拜四在展場遇到楊導作品裡最常出現的某校學生來戶外教學參觀,覺得要是12年前就有人帶我認識他的作品那該有多好。透過這次國影中心和北美館同辦的一一重構:楊德昌回顧展,我才算是稍微瞭解這位在國際影壇非常知名的台灣導演。所以就紀錄一下看到聽到的內容(按照展出相關文物的順序)。
《牯嶺街少年殺人事件》
最早認識的作品是2016年《牯嶺街》4K數修版上映時。那時只知道是有名的電影,又覺得事件發生地與自己有所連結才去看的,於是就在第一排抬頭了四個小時。後來的印象也只剩下一開始的群架,和最後的結局了。隨著對50、60年代社會情況的了解,這次再看一遍才能體會到時代背景下的窒息感,與當時人心惶惶的情緒。直至今日仍鮮有描述那段空白歷史的影視作品,楊導說算是給他父親一個交待了,不然他爸爸那時還不認同他的導演工作呢。
故事原型是1961年的真實事件,當時就在建中唸書的楊導對此事印象深刻。所以成為導演之後老早就想拍出這個故事了,只是一直沒找到適合的男女主角來演。後來有次在咖啡廳遇到從美國回來渡假的楊靜怡,後續又花了許多心力說服她媽媽讓她休學來台灣演戲,也才有了我們現在看到的小明。

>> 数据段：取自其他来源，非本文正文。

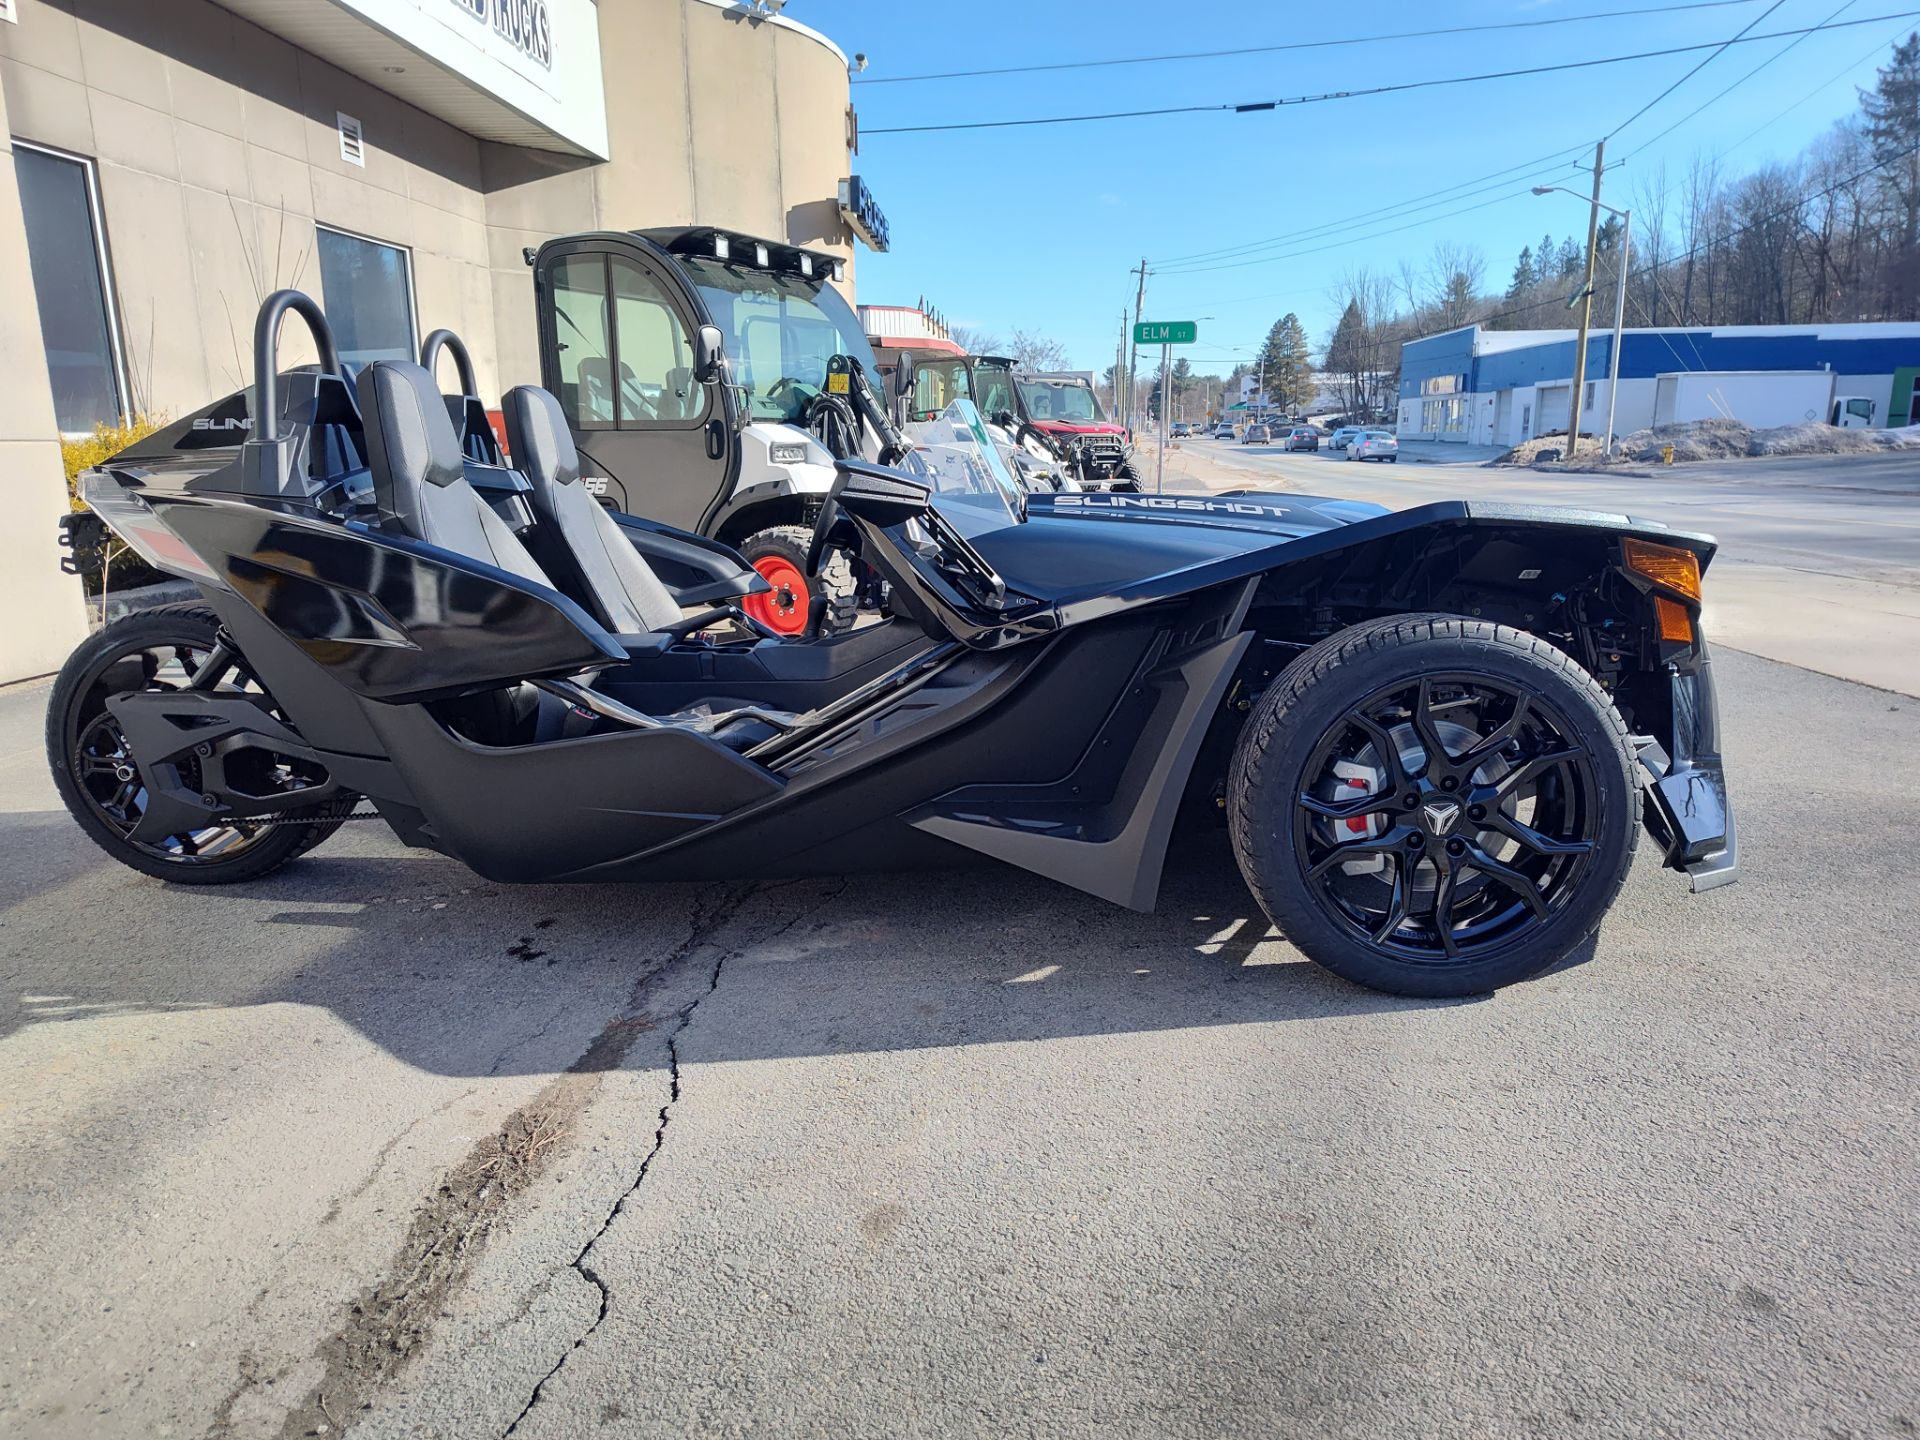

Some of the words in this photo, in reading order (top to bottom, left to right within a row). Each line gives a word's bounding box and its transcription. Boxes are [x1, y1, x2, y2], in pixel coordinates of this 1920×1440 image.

[1142, 326, 1169, 339] ELM
[1177, 331, 1186, 339] ST
[1054, 495, 1292, 517] SLINGSHOT
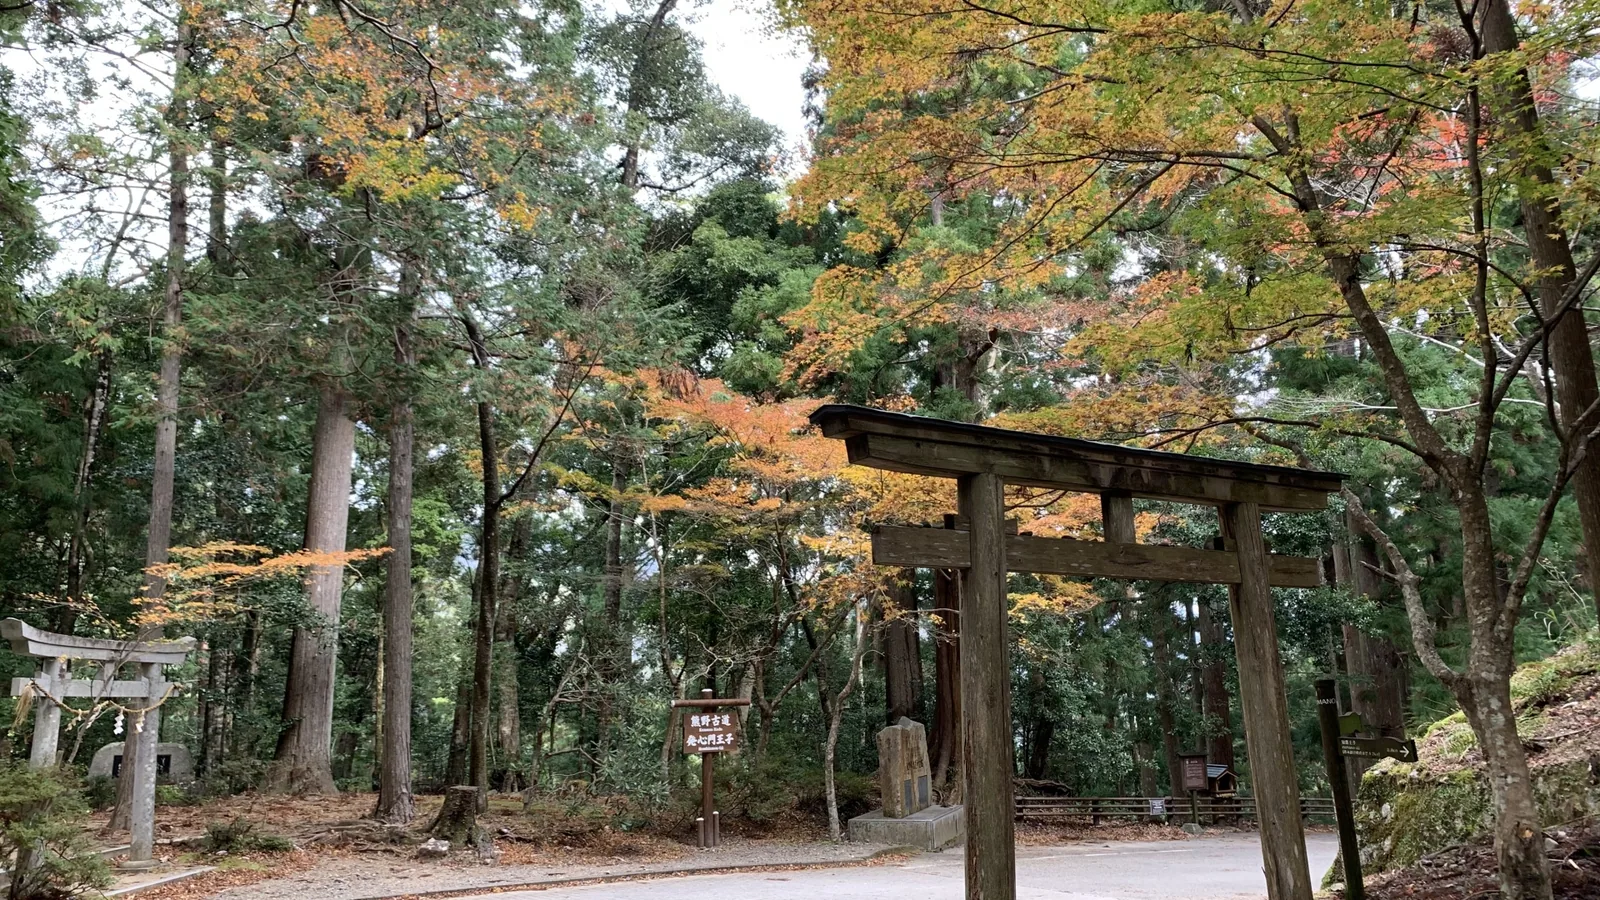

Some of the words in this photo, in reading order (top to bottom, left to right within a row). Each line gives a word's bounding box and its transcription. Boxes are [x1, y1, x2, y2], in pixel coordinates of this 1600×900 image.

[691, 714, 731, 727] 熊野古道
[687, 733, 734, 746] 発心門王子

這邊播出了兩捲最初的試拍帶,可以看到小四沒有在電影裡出現過的眼鏡造型,小明的聲音似乎也有點不同。幕後側拍也很有趣,因為幾乎所有的少年演員都是第一次拍攝電影,也可以看到劇中「年幼卻隱含滄桑氣息」的楊靜怡私下開朗笑容的照片。
《浮萍》、《指望》、《海灘的一天》
我很喜歡展場中用三面投影播放《海灘的一天》結局的離別。當時極少有以女性角色視角出發,討論青春成長的徬徨、事業與婚姻掙扎的主題。這是導演的前三部作品,主角分別是柯素雲、石安妮、張艾嘉,也都不只一次出現在導演的作品中。《指望》是四位導演合拍的四段式電影《光陰的故事》中的第二段,當時中影公司其實是希望他們拍恐龍電影,比侏羅紀公園上映還要早十年。經過後來的一陣角力,主題變成了與四種動物有關,最後又成了四種暗自呈現經濟成長的交通工具:11路公車、腳踏車、機車和汽車。
《青梅竹馬》、《恐怖分子》
有人將《海灘的一天》與這兩部接續拍攝的作品合稱「台北城市三部曲」。其實去年初在學校的電影節有看過《恐怖分子》,當然也是看得一知半解,留下的印象只有瓦斯大圓球和最後的結局吧。訪談影片中他解答了那個看似開放式的結局——那不是夢境或他的想像,而是他的絕望,絕望不是沒有選擇,絕望是你要不傷害別人,要不就是傷害自己。
他曾說:「做電影跟講實話是同一件事,就是這麼難」,我覺得難在不只是說出自己內心所想,還要替別人說出他們不敢說的。有人問說《青梅竹馬》是導演對未來的預言嗎?他說他只是拍出他所看到的台北。”There may exist so many things I can not do anything about. But to present this story, it is my way to do something about it.”他在筆記本上如此寫道。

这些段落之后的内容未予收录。